In 1953, Kitty boarded a boat with hope in her heart and a new baby in her arms, sailing to the land of opportunity.
Once in the United States, however, the American Dream seemed less attainable. Kitty lived with her family in a single-wide trailer, no white picket fence in sight.
My grandfather, who had once sent her loving tape recordings from his army base, became physically and verbally abusive. He eventually abandoned her, leaving her with five children and unable to drive or speak English fluently.
She walked two miles to work every day, where she wrapped candy for less than $2.30 an hour. Her coworkers treated her poorly, mocking her and not allowing her to interact with customers because of her accent.

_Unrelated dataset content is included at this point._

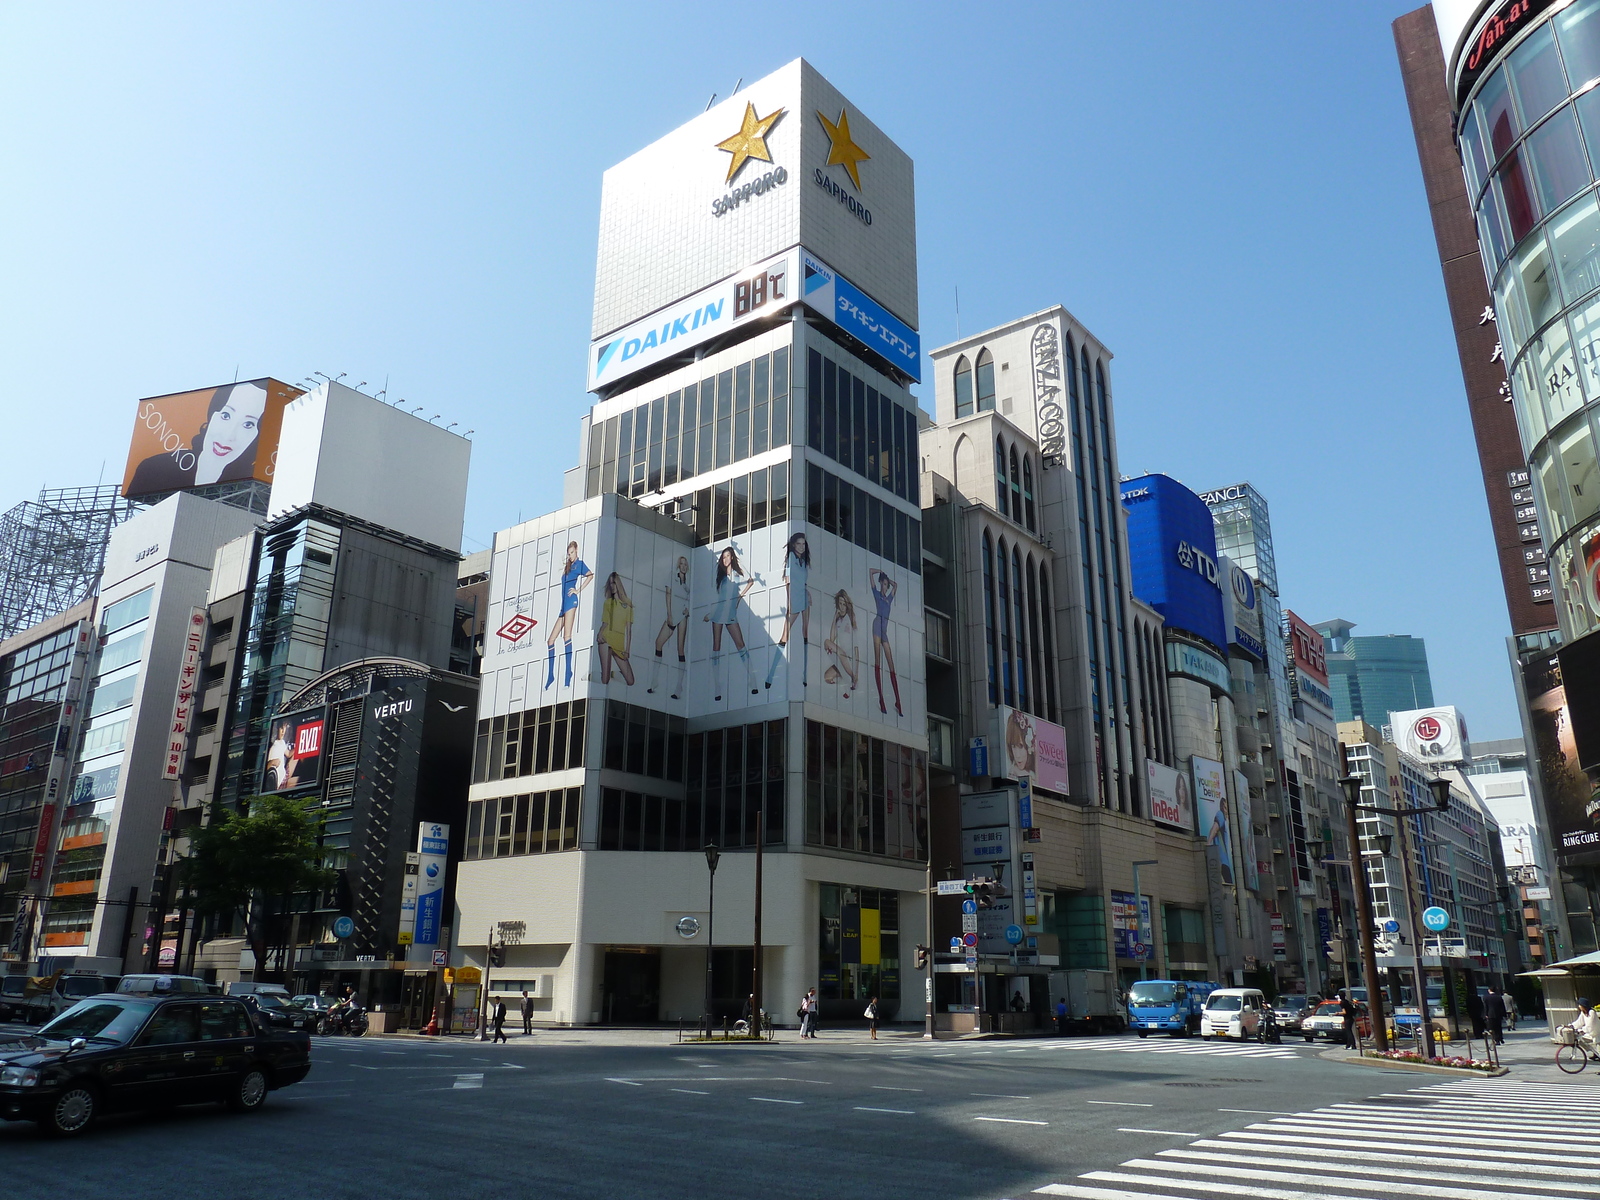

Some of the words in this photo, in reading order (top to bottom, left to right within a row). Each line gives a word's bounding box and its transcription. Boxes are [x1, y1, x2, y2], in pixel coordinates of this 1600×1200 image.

She faced isolation because of the language divide and discrimination by her neighbors. She didn’t often leave the trailer because she wasn’t able to drive. The Korean and Vietnam wars heightened racism against her, though she was neither Korean nor Vietnamese. She lived in such poverty that her children were sent home from church one day with a note saying not to come back until they had nicer clothing. It was suffocating.
Although she was hardened by her circumstances, Kitty’s spirit didn’t break. Just as bitterness became her greatest strength, tenderness became her unexpected gift. She loved her yorkshire terrier, Mike, more than anything in the world, feeding her food directly from the table and carrying her everywhere she went. She reached out to her grandchildren by playing games with us in the Japanese market and buying us snacks like Pocky, chocolate-covered biscuits.
When she died, my grandmother bequeathed a doll to me. She had several in her apartment, but this one was special. It is one of the last remaining items she brought with her from Japan. The doll is beautiful and full of history, but for me the most sentimental parts are the remnants of Kitty it holds. It still smells like that sickening combination of cigarettes and Lysol, though the scent has faded over the years. The plastic case over the doll is the same shade of yellow as the tobacco-stained walls of her apartment.
Looking at that doll reminds me of that cramped apartment and Kitty’s sharp tongue. It reminds me of the suffering she endured that embittered her over the years. It reminds me that despite everything she went through and all the insults she hurled at us, Kitty could shower us with tenderness when we didn’t expect it.